Estábamos Valentina y yo (ella de cuarenta y ocho años, yo de cincuenta) en una tienda de regalos, souvenirs y curiosidades... Teníamos la intención de comprarle un regalo a la madrina de nuestro hijo Nicolás pues tendría su segundo bebé. Mientras veíamos un escaparate de esculturas pequeñas o minúsculas, mientras Valentina platicaba animada sobre las excelentes calificaciones de Sofía en la secundaria, un objeto minúsculo robó mi mirada, y dentro de mí desató una erupción volcánica, impaciente por explotar.
   Era el juguete de un piano, de tamaño miniatura. "Me gustaría coleccionar teclas de piano", decía ella, "pero nunca las encuentro solas, siempre están todas juntas en el piano... Es que siempre he tenido un sueño, en que las teclas fuesen independientes del piano, y si las tocas, suenan, sin necesidad de estar sujetas a su Dios". Recordaba la frase, palabra por palabra, y la recordaba con su voz soñadora.
   -Sofía -respiré.
   -Ay sí, también deberíamos regalarle algo -respondió Vale.

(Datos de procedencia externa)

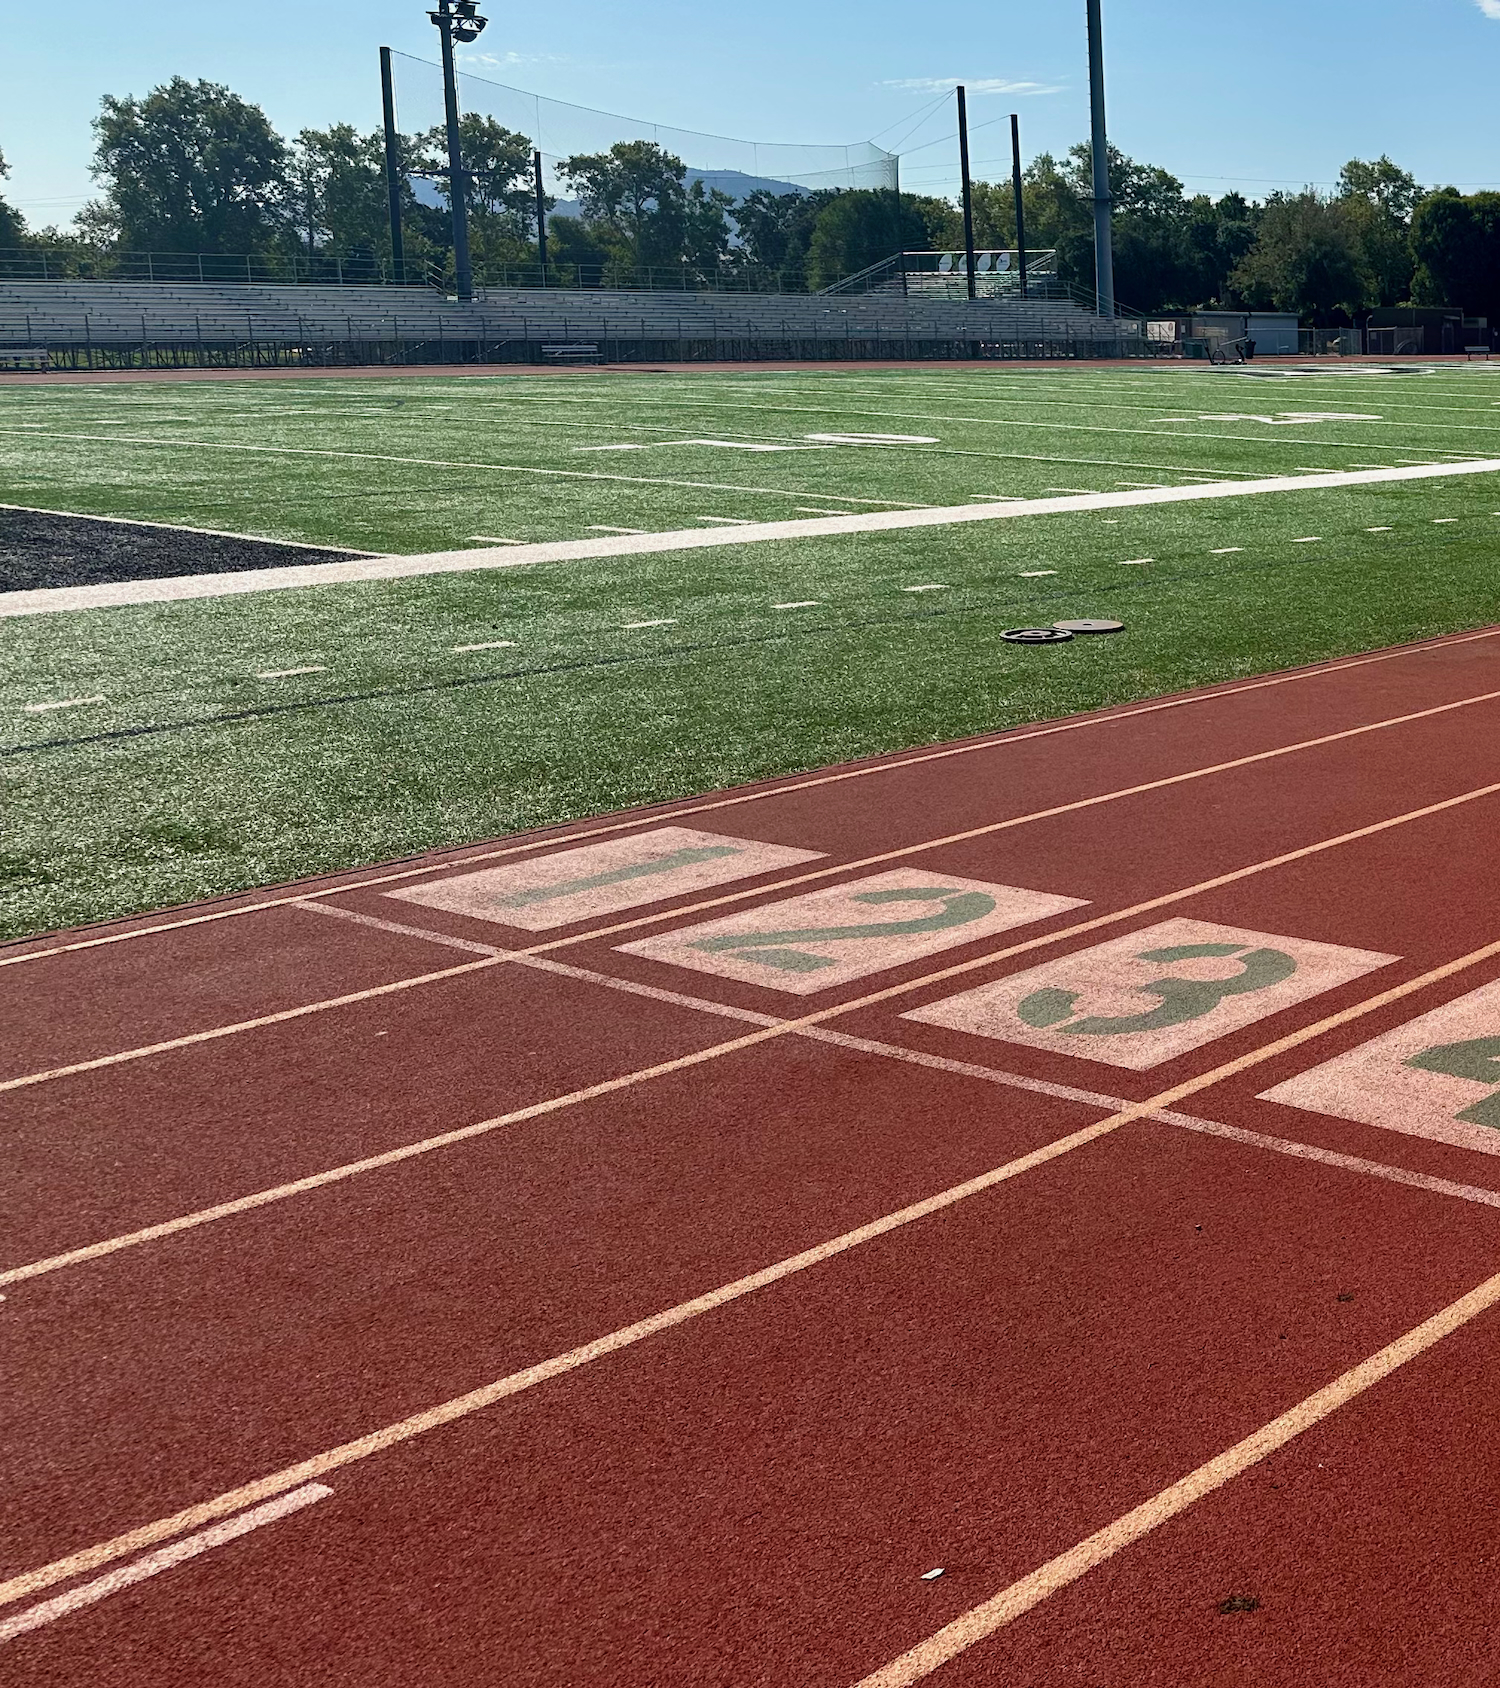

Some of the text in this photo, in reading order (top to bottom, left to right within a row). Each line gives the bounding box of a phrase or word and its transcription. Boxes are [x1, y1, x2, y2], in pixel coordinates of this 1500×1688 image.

[492, 844, 744, 909] 1
[685, 886, 996, 973] 2
[1017, 943, 1298, 1035] 3
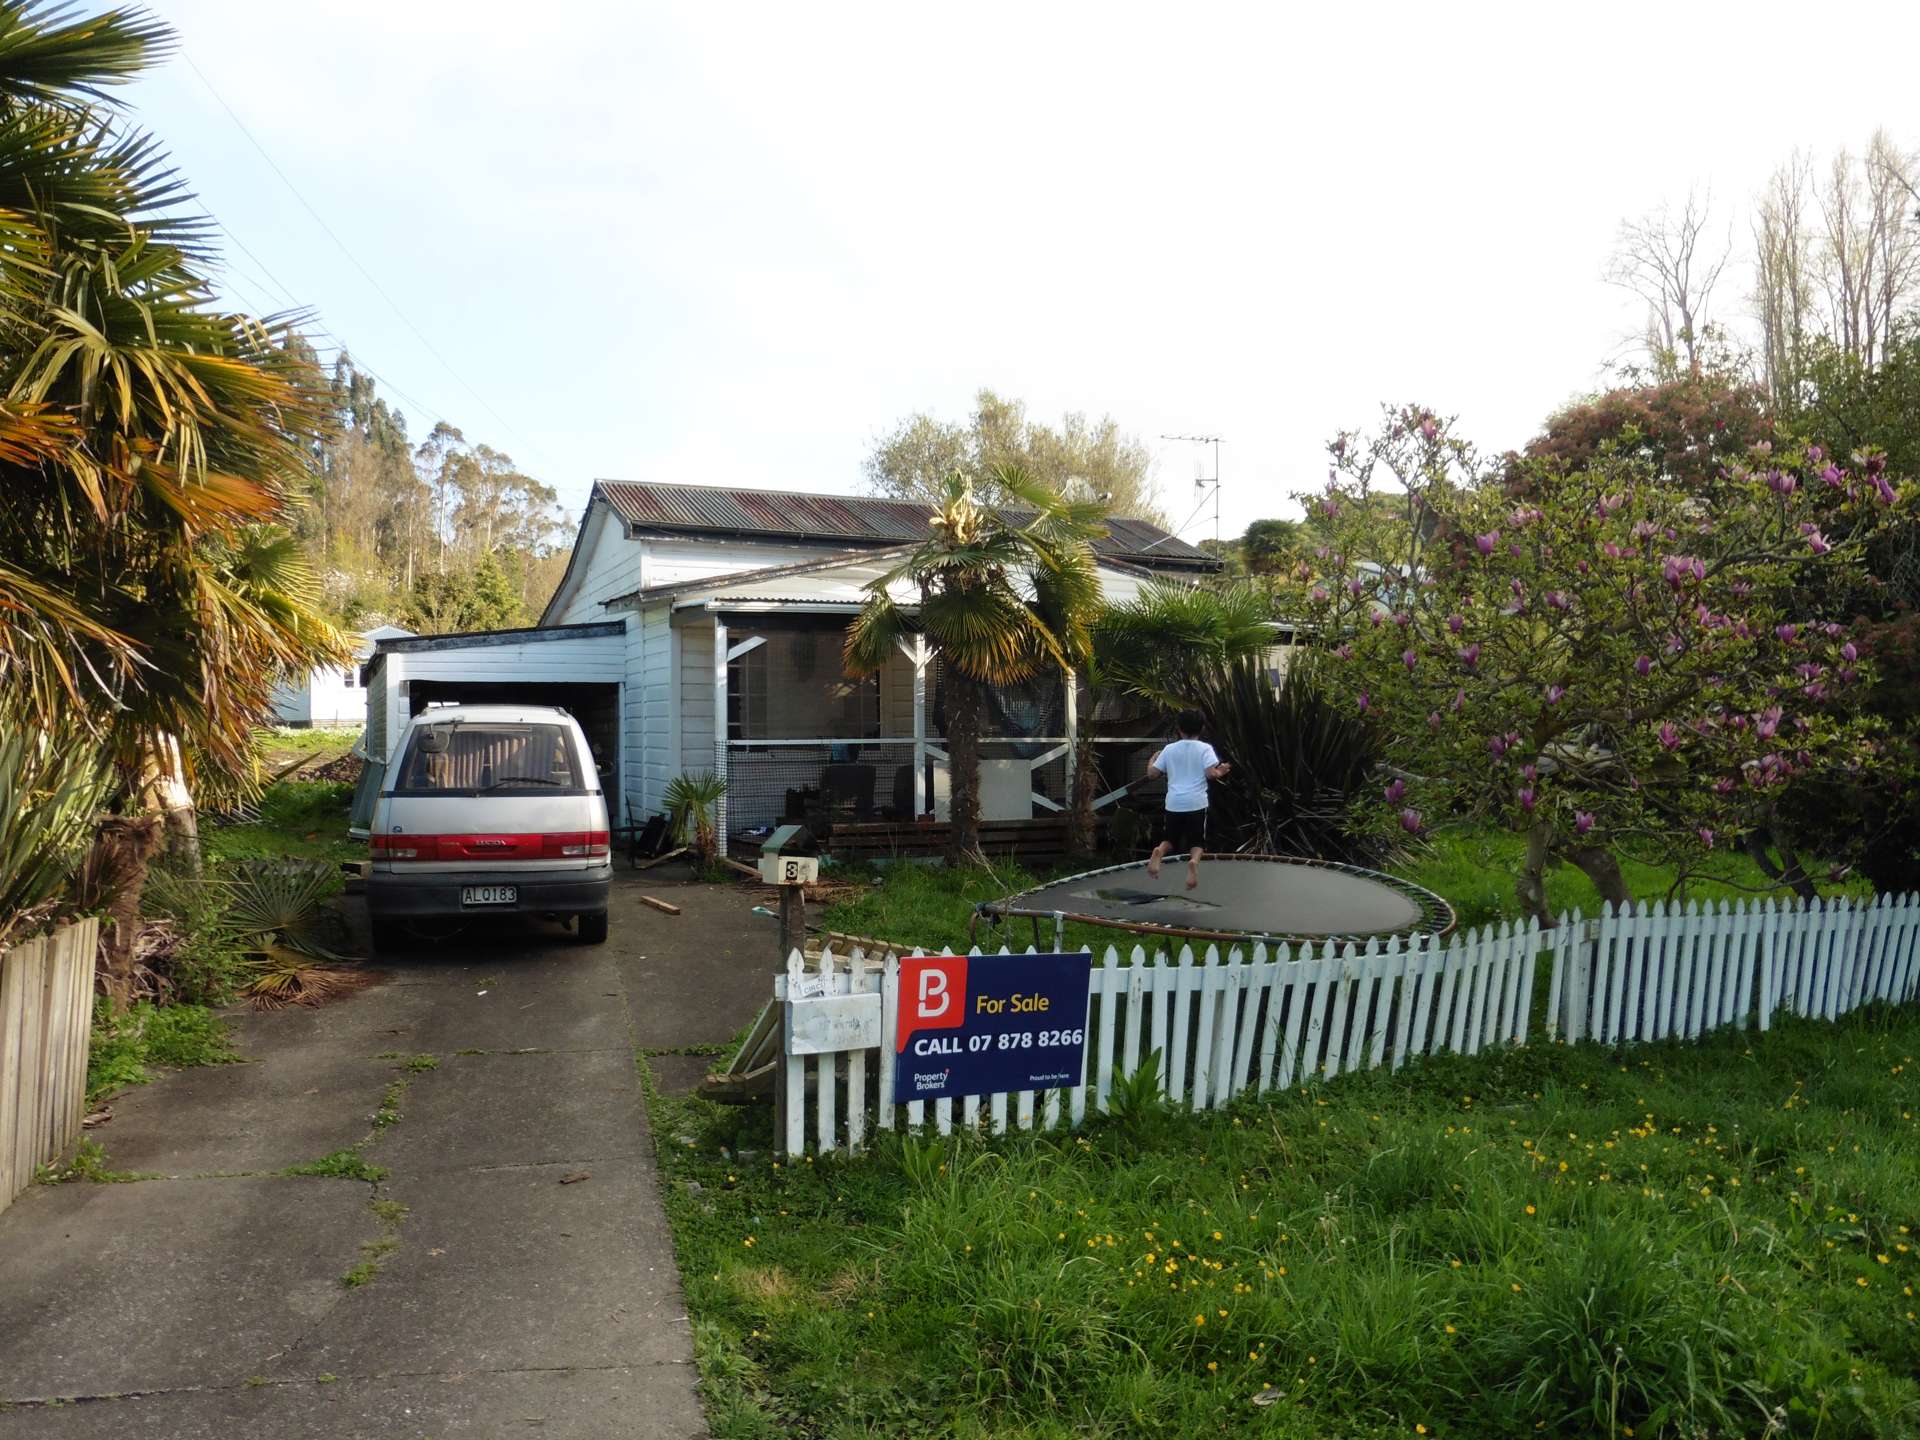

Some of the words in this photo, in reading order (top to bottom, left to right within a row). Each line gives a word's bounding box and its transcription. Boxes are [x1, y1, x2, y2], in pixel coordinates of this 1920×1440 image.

[786, 863, 798, 878] 3
[976, 996, 1006, 1014] For
[1011, 993, 1049, 1012] Sale
[914, 1037, 963, 1056] CALL
[969, 1035, 992, 1052] 07
[998, 1032, 1033, 1050] 878
[1038, 1029, 1083, 1047] 8266
[914, 1071, 948, 1082] Property
[916, 1080, 945, 1090] Brokers

   Todas las semanas posteriores las viví como el autómata que siempre fui. Revisaba los diarios de las cuentas de los contadores que trabajaban para mí, verificaba los reportes, los activos y pasivos de varias empresas... Pero una palabra en mi cabeza absorbía a todas las demás: Sofía. ¿Qué había sido de ella?
   Mi pregunta se respondió antes de lo que yo quería. Escribí su nombre completo en Google y descubrí que era profesora de literatura, y que sobre todo, era escritora. Entonces, ¿no eran ripios lo que ella acumulaba? ¿De verdad eran literatura? Mi enfermedad se agravió. Comencé a revalorizar todo lo que yo viví con ella: los sueños, las mordidas, las desveladas viendo películas bobas... Hacía sumas acompañado por la música de mis labios (que ya se movían solos): Sofía, que volviste a tener significado... En internet, había imágenes de ella, y no pude evitar verlas.
   Pero, ¿quién era ella? Esa es una mujer. Sofía era sólo una palabra, un soplido, un fonema. Ella era un corazón, una mirada, algo más que un simple nombre que he repetido cada cinco minutos a lo largo de treinta años.
   Mientras le hacía el amor a Valentina, cuando me tocaba susurrar "Sofía", esta vez lo hacía con la consciencia de que si pensaba en ella, quizás ya no en la Sofía que alguna vez me enloqueció y me hizo vivir junto con ella, pero en una nueva y misteriosa Sofía; ¿quién es la mujer por la que he estado llamando (como si la buscara) durante treinta años? Mi esposa notó el cambio, me preguntó si me tenía harto mi trabajo, si quería vacaciones, o una segunda luna de miel. Nada, le dije, no quería nada, nunca he querido nada, ¿alguna vez he ambicionado algo? ¿Alguien, cualquier otra persona, ambiciona otra cosa aparte de amor?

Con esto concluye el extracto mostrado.